Saturday, January 09, 2010

Human

I'm not big on human interaction now and again. Specifically in the service industry.

I am the guy who gets annoyed when you walk into a store and the salespeople/clerks accost you to see if they can score a sale from you assist you. But I'm equally annoyed when they're not around or are around and then they don't or won't help you. You can't win with me some times.

In my former, and now again current, parking garage at work, no matter which exit you went out you had inferior attendants you could not avoid unless you had a key card (which I did not have for my first year) and had to pay cash to exit.

Attendant #1 was more focused on dancing in her enclosure than taking your ticket and sheckles so you could leave. Attendant #2 had a hard time taking and sorting money even when you gave her exact change. G-d help you if she had to make change. You may as well get out your copy of War & Peace and finish a chapter or two.

So now fast forward a year and there is a new system in place. A wonderful, magical place: no humans.

You take your ticket, put it in a machine in the lobby, pay there and use the ticket the machine returns so you can exit the garage via another machine. Ok.

Four of the five days this week worked like a charm. I loved it. LOVED it......and let's face it, I do not love a lot of things. No lines at the gates waiting for these "workers" to process the hundreds of other people who share my garage.

But on day five of five was a FAIL. A big one.

I left the office, late-ish. 18:00, or there abouts. But it was a Friday and impending bad weather had the office and building cleared out fairly early. So I go to exit the garage and there is a line of people waiting to get out. However, it is a no-go. The ticket-taking / gate-opening machine does not work at one exit. The gate is closed completely at the second exit.

....and no human.

A button the machine did summon a human voice - and as we all sat there with our collective engines running, doing the slowest mass suicide by carbon monoxide, we waited.....and waited....and waited.

Secretly I was hoping the soul sitting in front would just drive through that wooden gate and free us like Moses did the slaves.
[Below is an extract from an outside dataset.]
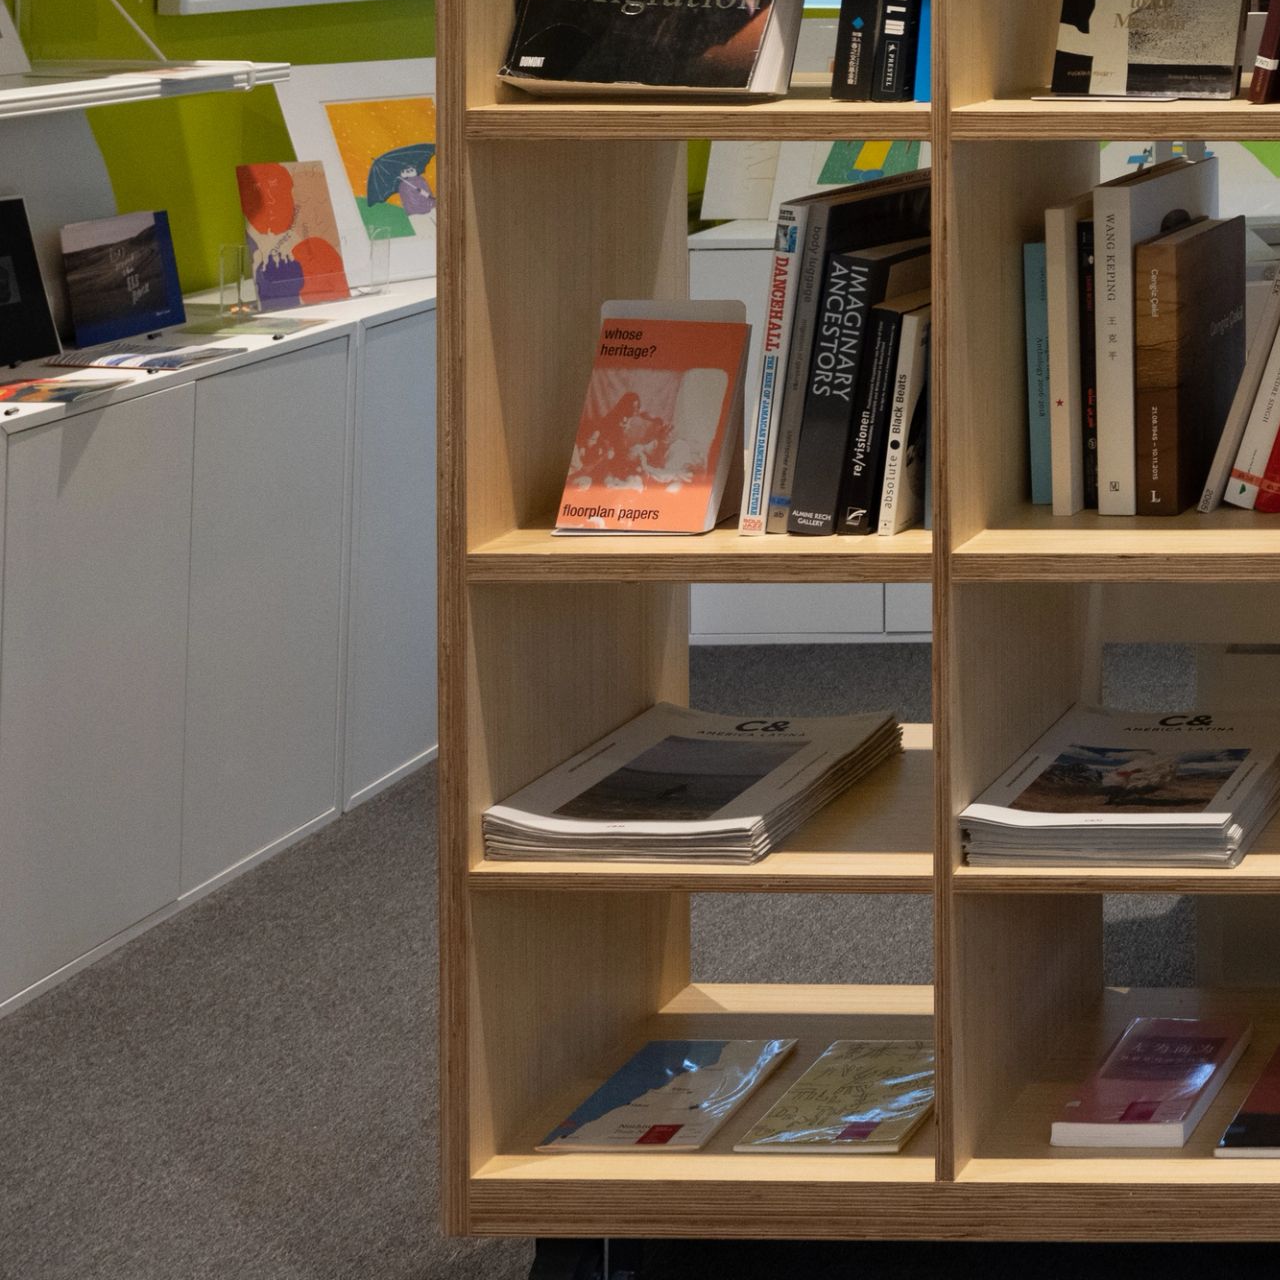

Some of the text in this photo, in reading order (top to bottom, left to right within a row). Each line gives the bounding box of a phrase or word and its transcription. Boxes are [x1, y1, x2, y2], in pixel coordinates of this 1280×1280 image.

But he had a really nice car and I suspect he wasn't willing to scuff it - even a little. Even for precious precious freedom.

Eventually some sad sack worker appeared, most likely from another garage where there was still humanoids who manned the structure.

Yeah, I was annoyed that it was a Friday and I wanted to be gone, but I was dry, I was in a warm car, but still delayed for 30 minutes. On the plus side - I get my key card in the next few weeks and I won't have to worry about this crud.


Song by: Maria McKee

1 comment:

Birdie said...

I would love to be able to park in a garage for work. We who park in the rain/snow/ice salute you—and play the world's tiniest violin to accompany your song of woe. ;)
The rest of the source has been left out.